* Source data
---*---
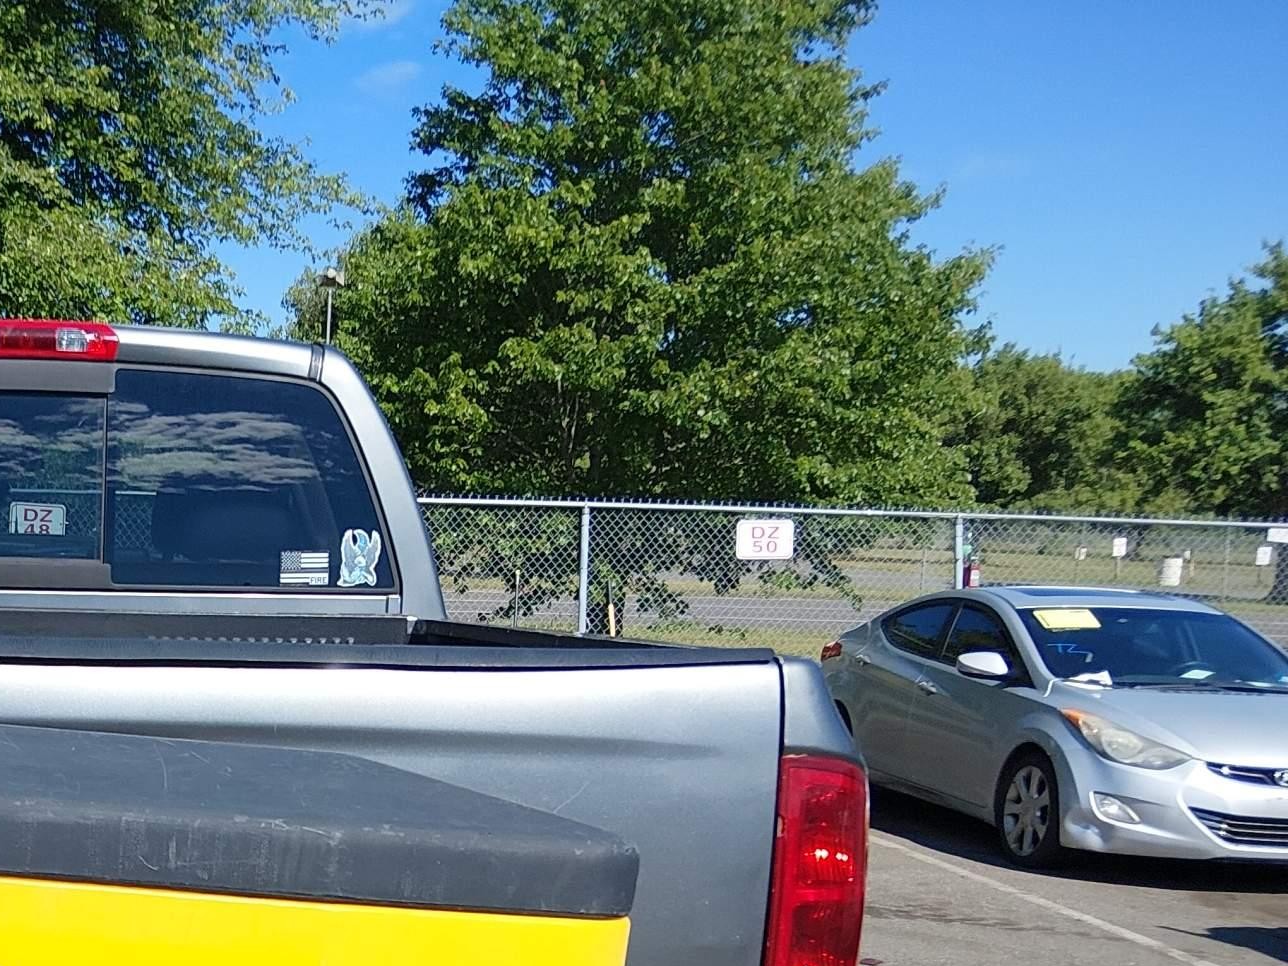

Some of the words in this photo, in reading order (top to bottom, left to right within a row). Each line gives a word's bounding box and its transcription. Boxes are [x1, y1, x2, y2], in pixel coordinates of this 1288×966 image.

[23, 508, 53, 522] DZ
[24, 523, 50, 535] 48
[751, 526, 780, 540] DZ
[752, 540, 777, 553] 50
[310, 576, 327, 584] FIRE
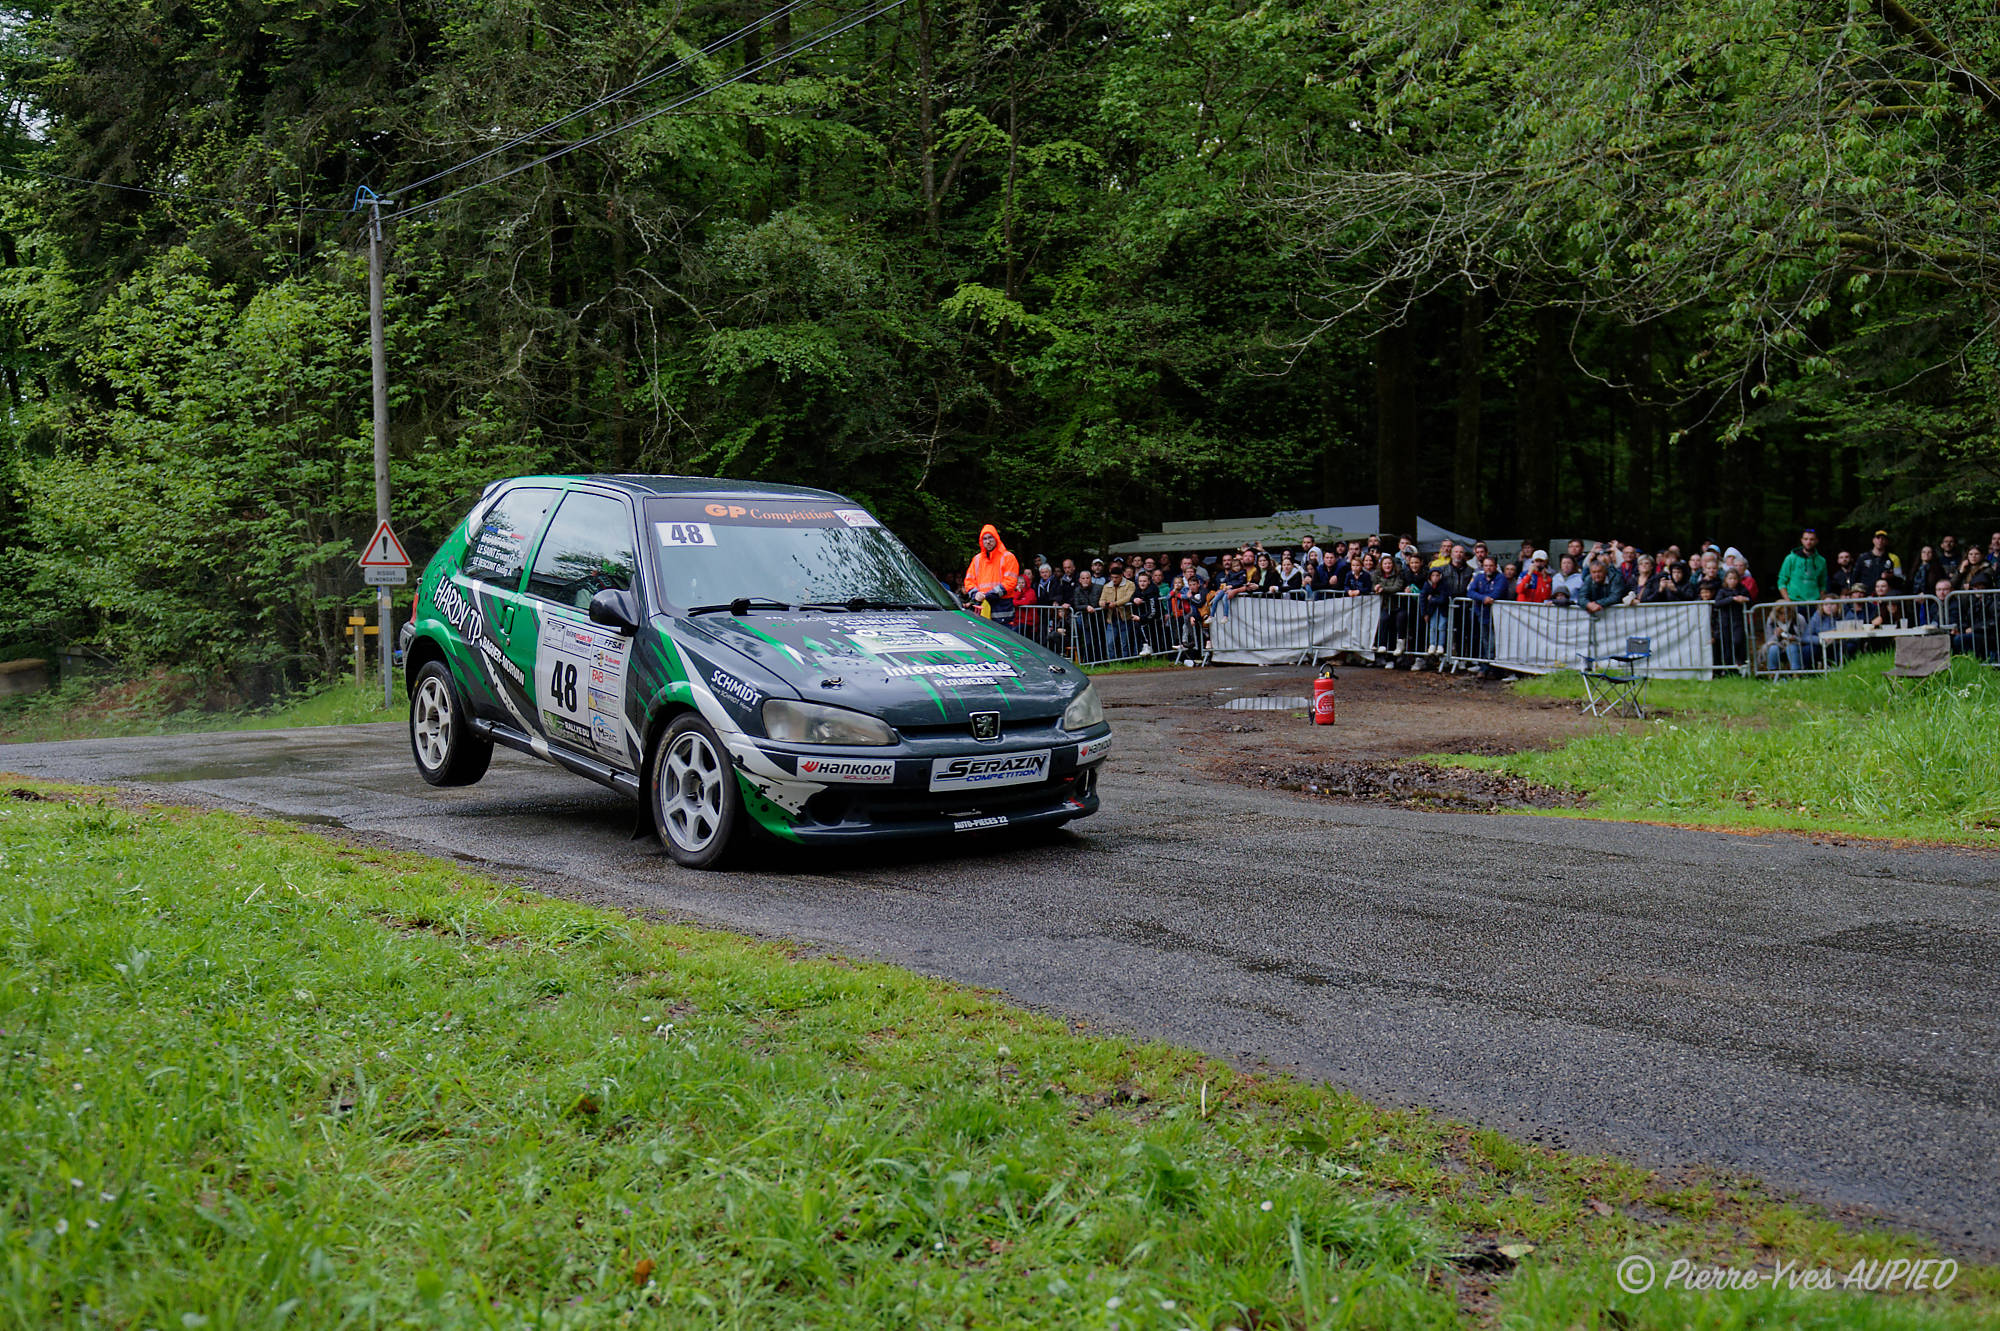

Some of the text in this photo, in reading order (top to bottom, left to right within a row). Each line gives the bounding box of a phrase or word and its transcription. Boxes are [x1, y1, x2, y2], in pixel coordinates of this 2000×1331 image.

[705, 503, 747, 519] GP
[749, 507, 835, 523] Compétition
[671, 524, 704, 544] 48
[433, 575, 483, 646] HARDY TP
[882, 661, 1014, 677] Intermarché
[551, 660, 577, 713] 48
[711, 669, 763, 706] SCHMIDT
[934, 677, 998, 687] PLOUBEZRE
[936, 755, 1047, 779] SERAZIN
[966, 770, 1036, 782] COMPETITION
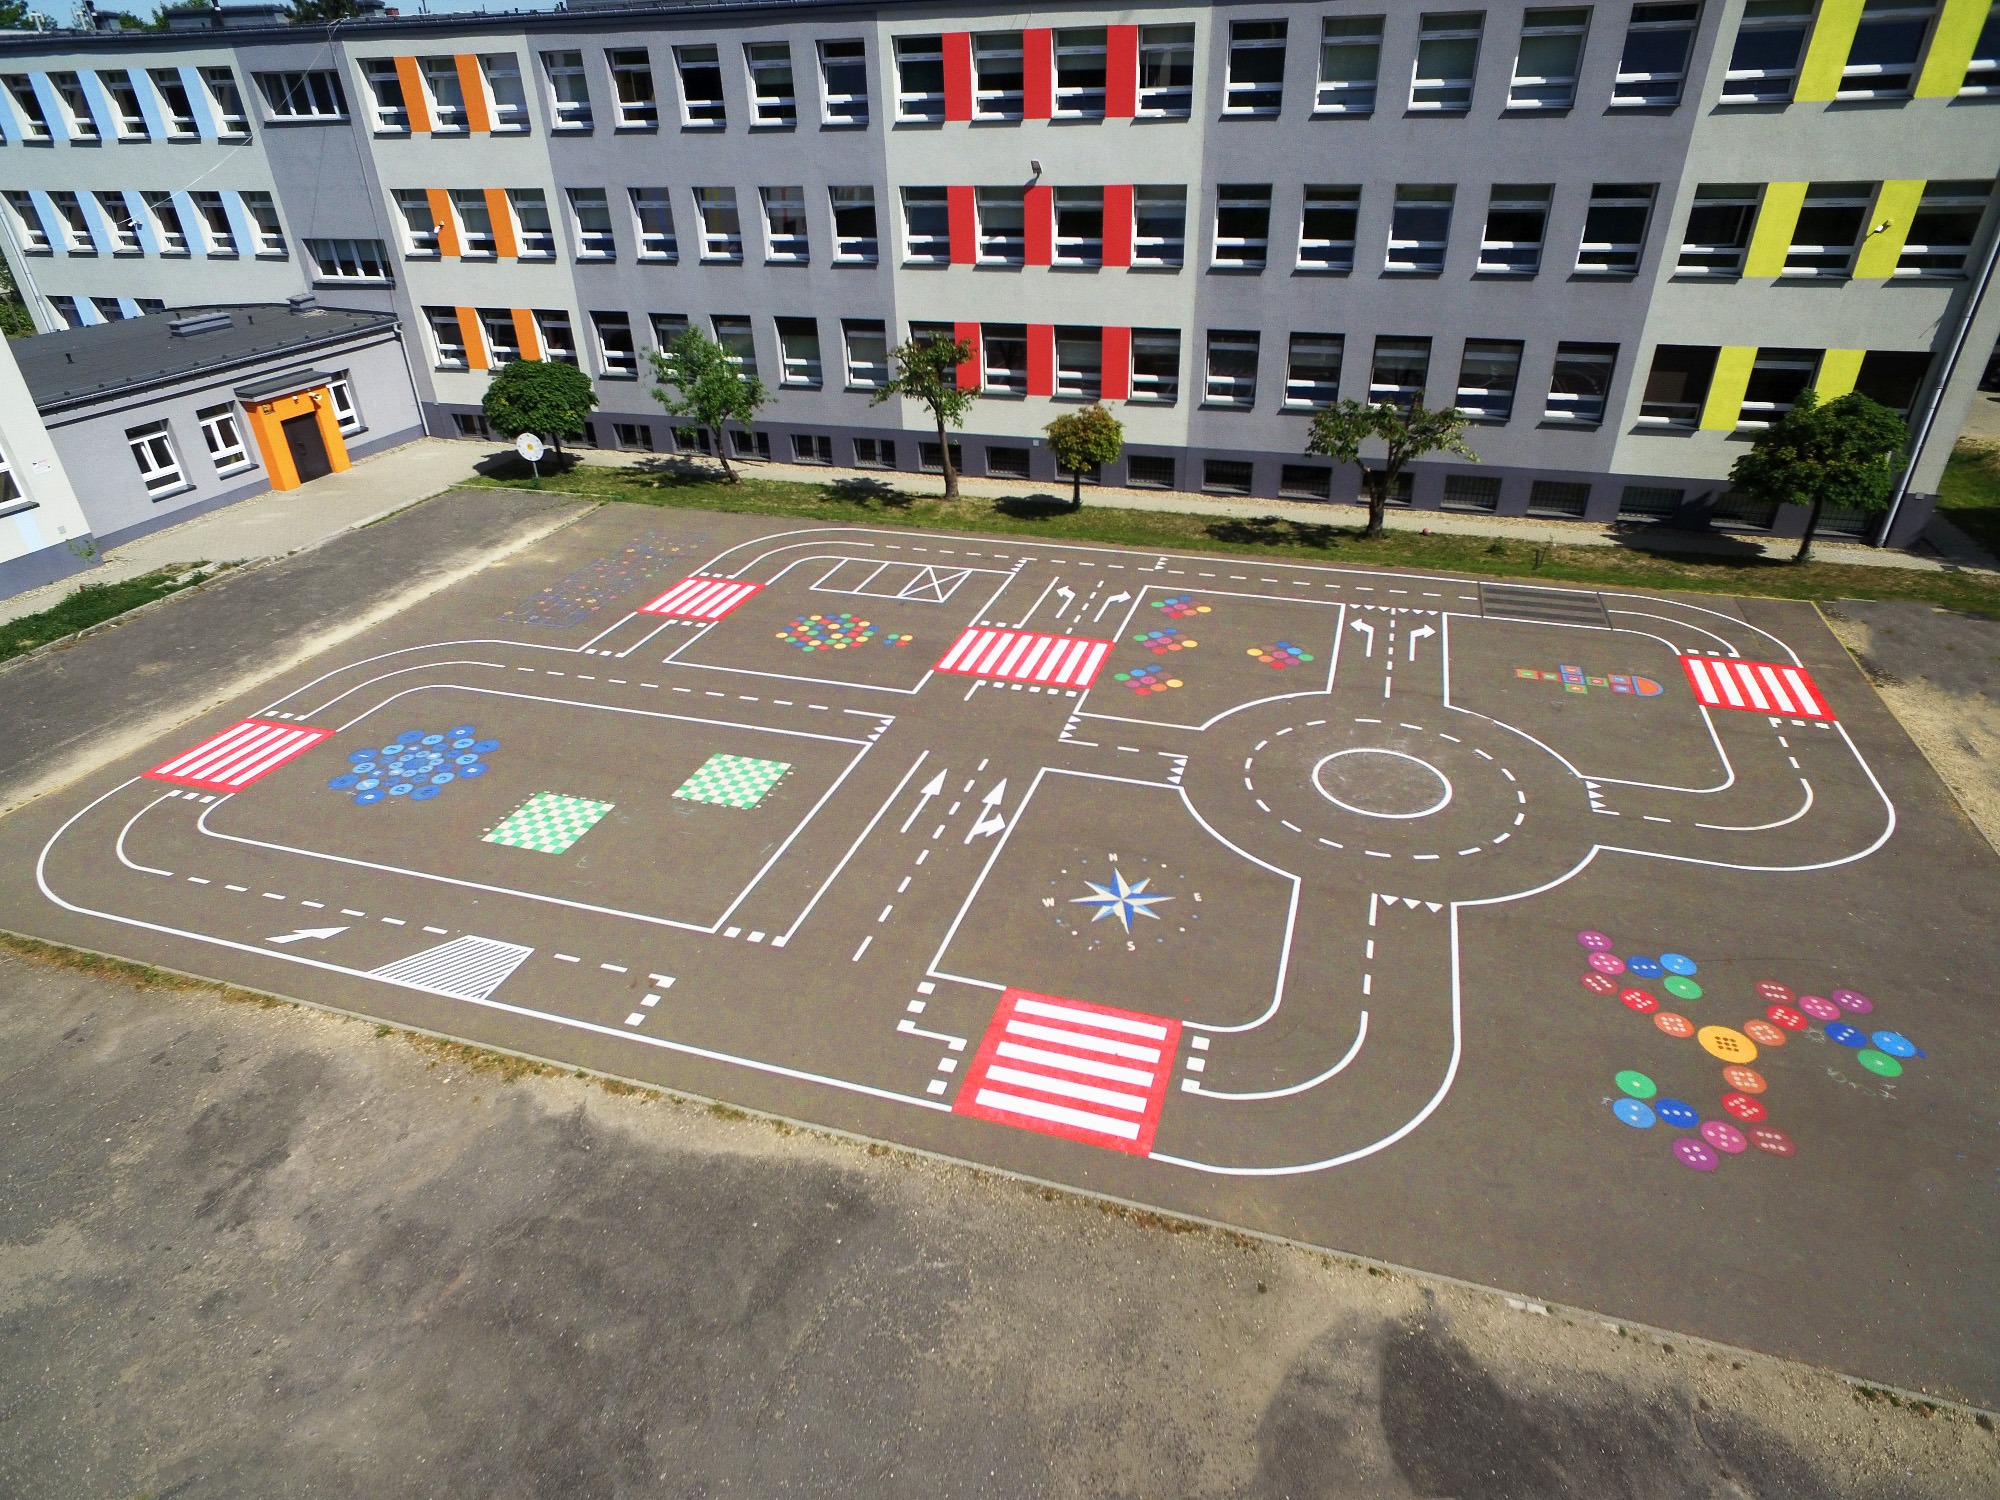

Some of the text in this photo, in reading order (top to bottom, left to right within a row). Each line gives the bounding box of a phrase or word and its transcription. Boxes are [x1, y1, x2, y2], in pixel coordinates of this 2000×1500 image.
---*---
* Exercise goal
Give every record back exactly as it reads, with no images.

* Answer to the exercise
Some of the words in this photo, in reading order (top to bottom, left to right within a row). Each line gives a word's bounding box and its transcription. Boxes are [x1, y1, x2, y2], in pixel coordinates of this 1288×966 image.

[23, 508, 53, 522] DZ
[24, 523, 50, 535] 48
[751, 526, 780, 540] DZ
[752, 540, 777, 553] 50
[310, 576, 327, 584] FIRE

Some of the text in this photo, in reading order (top to bottom, left to right within a row). Each line gives the bounding box of a phrase or word and its transcription. Boxes are [x1, y1, x2, y2], in pixel coordinates of this 2000×1331 image.

[705, 503, 747, 519] GP
[749, 507, 835, 523] Compétition
[671, 524, 704, 544] 48
[433, 575, 483, 646] HARDY TP
[882, 661, 1014, 677] Intermarché
[551, 660, 577, 713] 48
[711, 669, 763, 706] SCHMIDT
[934, 677, 998, 687] PLOUBEZRE
[936, 755, 1047, 779] SERAZIN
[966, 770, 1036, 782] COMPETITION

Some of the text in this photo, in reading order (top to bottom, left to right within a row). Each line gives the bounding box of a phrase or word and its transcription. Boxes are [x1, y1, x2, y2], in pixel coordinates of this 2000×1500 image.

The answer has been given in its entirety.